The act of writing itself produces a natural high in the writer: the moment an idea spirals onto the page, temporal lobes go into temporary sleep modes, and you become oblivious to the immediacy of the world around you, you transcend. You shift into a vessel for language, totally transported and driven by the enhancement of the senses.
The flush of scribing a good poem can also be completely euphoric. The reading of poetry is much the same, if it is good poetry it will immediately impact you; the beauty of words, a poet’s perspective and the reassurance of meaning more profound can be so rousing that it will make you feel like you are ‘coming up’ on a recreational street drug – depending on the quality of both, of course.
So what happens when you start mixing your substances to understand the working of the mind more, when you use marijuana (the post-modern poet’s temporal drug of choice perhaps) or in Coleridge’s case opium, to accentuate the already instinctive high of writing?
Coleridge wrote his legendary poem ‘Kubla Khan’ in what he claims to call a ‘waking dream’, and poets have often seen themselves as prophets or visionaries striving to be in tune with their physic sensibilities. Even Thomas De Quincey’s Confessions of an Opium Eater was written superbly – perhaps partly because of his early influences – despite his harrowing subject of heavy addiction to laudanum (a mixture of alcohol and opium) which he co-managed with writing. His confessions then became a book that served as a scientific record, at a time when there was no systematic study of narcotics on the market.
Some critics say that Robert Louis Stevenson’s irrevocable idea of duplicity in man could only be obtained through his substance abuse; that cocaine allowed him to access alternate sides of his brain and concoct the lesson of Jekyll & Hyde – now a catchphrase idiom that exposes the inherent light/dark dichotomy of the human psyche.
Gertrude Stein couldn’t write without coffee; Lord Byron was addicted to sex, Burroughs to heroine, Browning to opium, Verlaine to absinthe, Ginsberg was a pot head that went to acid parties so he could reach an elevated state of mind before he wrote, and then there is the century of alcoholics that double fisted pen and bottle.

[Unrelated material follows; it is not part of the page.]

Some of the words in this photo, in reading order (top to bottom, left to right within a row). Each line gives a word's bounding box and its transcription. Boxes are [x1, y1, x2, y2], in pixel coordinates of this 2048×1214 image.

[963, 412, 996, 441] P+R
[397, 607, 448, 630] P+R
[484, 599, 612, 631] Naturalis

One of my favourites being Dorothy Parker who said ‘one more drink and I’ll be under the host’ as she took the glass before giving a reading.
But it is not about the choice of drug (narcotics, stimulants or hallucinogens) – clearly some are more harmful than others, some writers are more dependent than others and some substances inspire subject, but make the act of physically writing impossible. According to Derrida, writing, like drugs, is a question of truth or intimation, and like the pharmaco, writing and drugs are both toxin and anecdote.

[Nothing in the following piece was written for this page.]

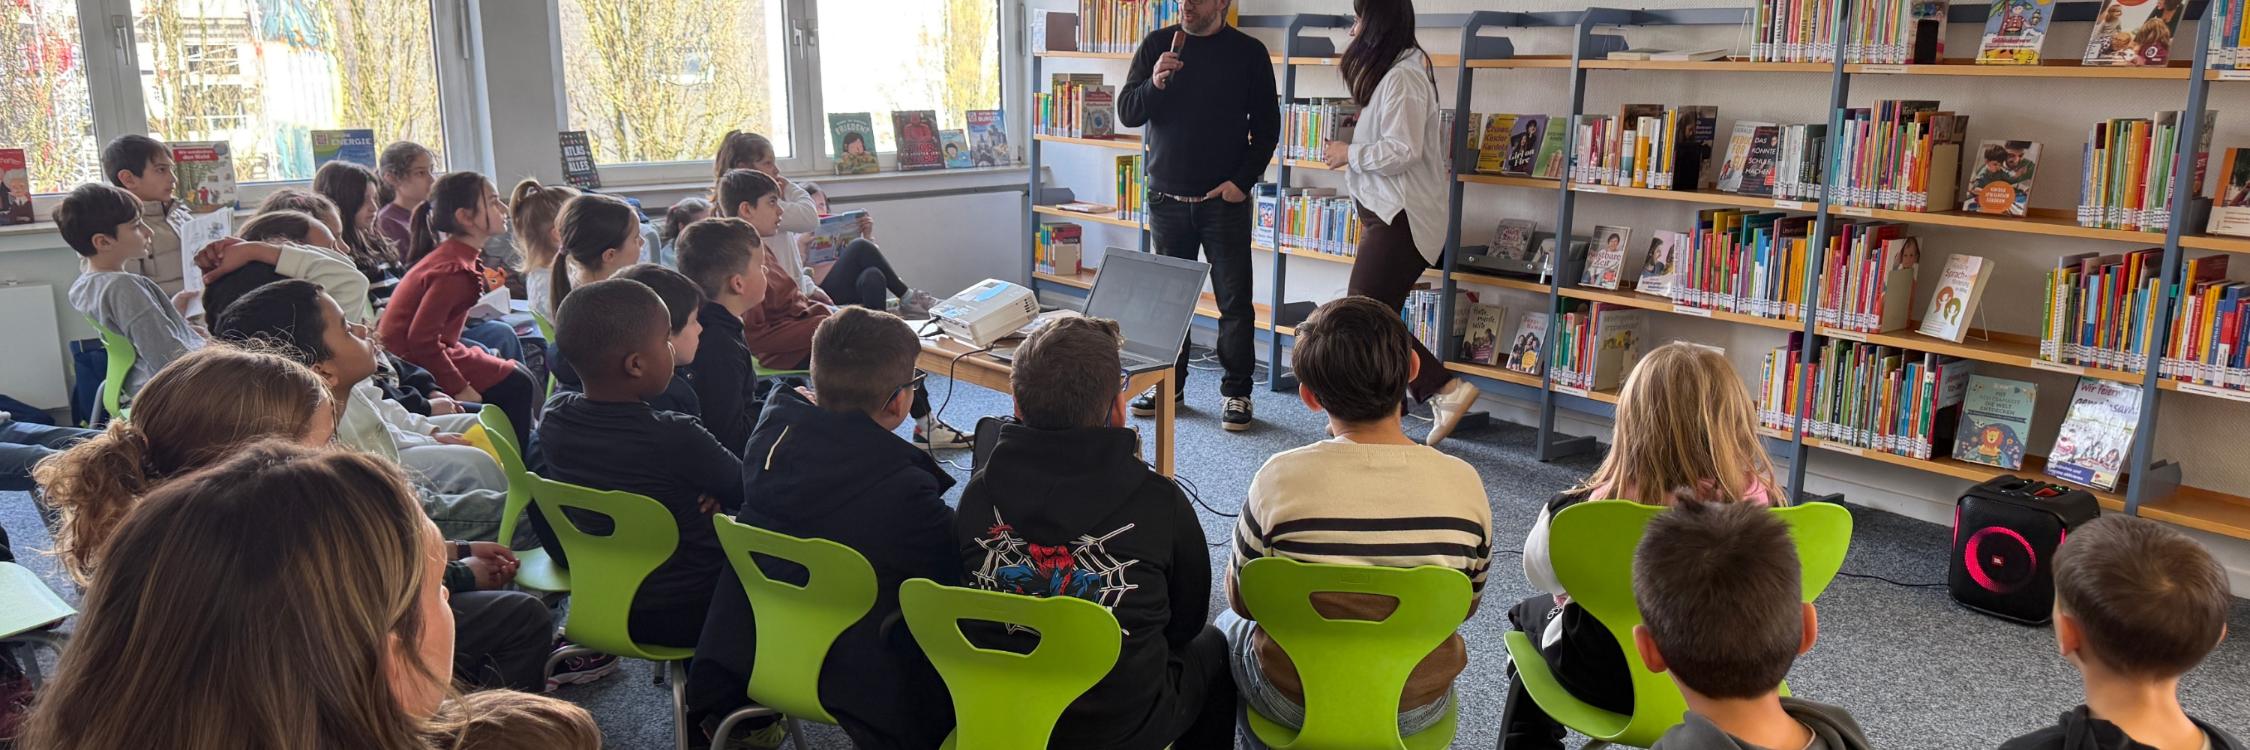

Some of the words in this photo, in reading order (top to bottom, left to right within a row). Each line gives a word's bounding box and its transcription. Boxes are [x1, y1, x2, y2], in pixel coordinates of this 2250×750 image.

[331, 137, 373, 146] ENERGIE
[564, 145, 587, 156] ATLAS
[569, 160, 591, 172] ALLES
[2081, 385, 2097, 393] Wir

Henry Miller believed the real trick was getting high without drugs, to get drunk on a glass of water, good writing can do this to you- whether you toke, snort or shoot up to absorb the effects. Keroauc was affirmed that Buddism was the ‘true morphine’. The evidence is in the transportation it summons, and the likeliness of ritual amongst writers. Writing on drugs exposes the neuro-chemistry of the brain (especially Freud’s experiments with cocaine), and I believe that writing itself produces a similar psychoactive compound and result in mapping the human condition.
What writer do you know that isn’t addicted to the signification of language, the idea of love and some kind of self-medicating substance as aid or therapy? Addiction creates a wall of self-reliance which soothes the pre-occupations of the writer, and offers a moment of bliss for the narcissists. The explosion of drugs amongst writers was an artificial means of exploring inner voyages, what Anais Nin calls the ‘embracing of our shadowy twin’ that she herself wanted to befriend to escape the deadening culture.
“Is there any doubt that drug addiction is an escape from an unbearable inner state, from a reality one cannot deal with, from an atrophying mind one can never fully destroy?”
– Ayn Rand (who was hooked on amphetamines)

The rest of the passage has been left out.